* [The problem]: The entries are to be duplicated exactly, though any picture in them must be omitted.

* [Provided data]:
+--

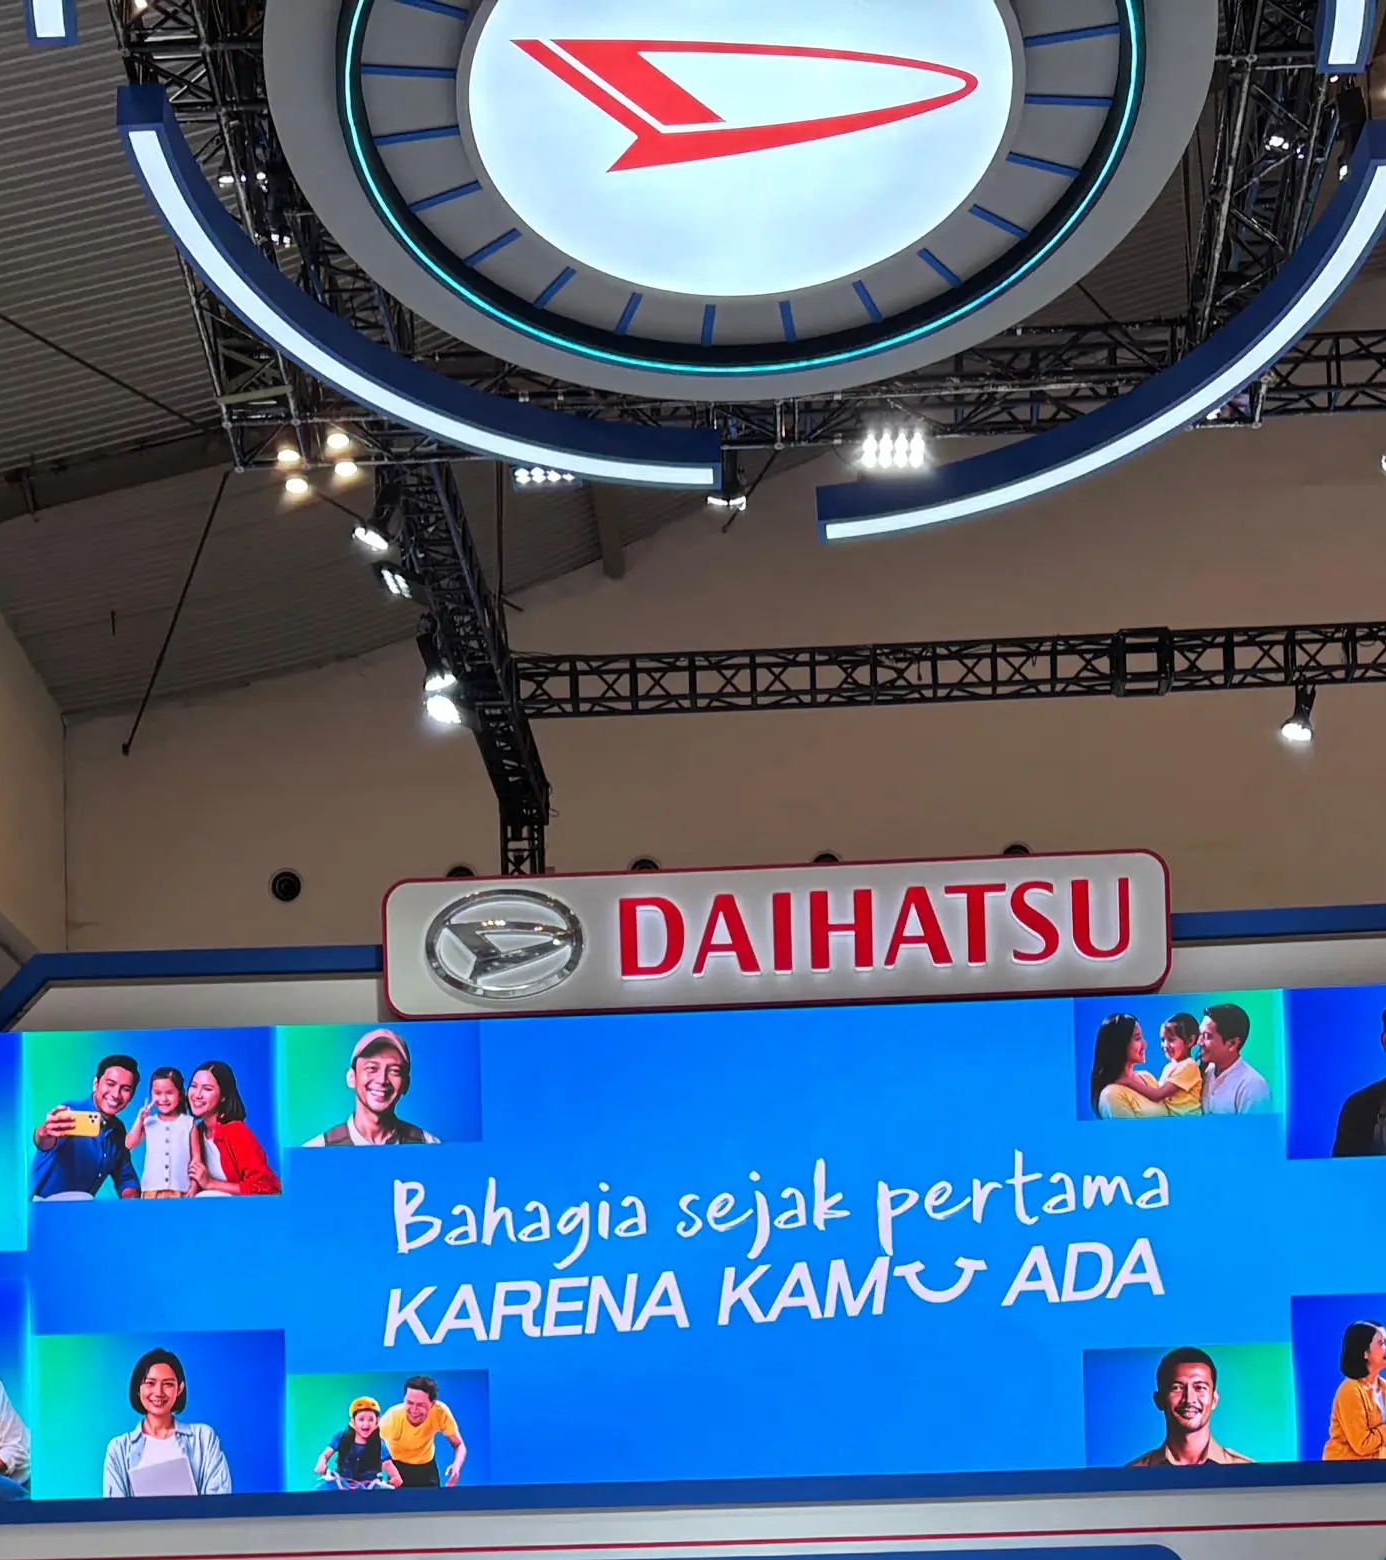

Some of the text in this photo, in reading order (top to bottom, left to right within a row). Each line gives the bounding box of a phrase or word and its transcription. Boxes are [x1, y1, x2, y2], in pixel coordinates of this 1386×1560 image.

[618, 877, 1130, 979] DAIHATSU
[393, 1150, 1171, 1269] Bahagia sejak pertama
[383, 1270, 690, 1347] KARENA
[1002, 1238, 1166, 1306] ADA

+--

* [Answer]:
Some of the text in this photo, in reading order (top to bottom, left to right within a row). Each line gives the bounding box of a phrase or word and its transcription. Boxes are [x1, y1, x2, y2], in pixel coordinates of this 1386×1560 image.

[618, 877, 1130, 979] DAIHATSU
[393, 1150, 1171, 1269] Bahagia sejak pertama
[383, 1270, 690, 1347] KARENA
[1002, 1238, 1166, 1306] ADA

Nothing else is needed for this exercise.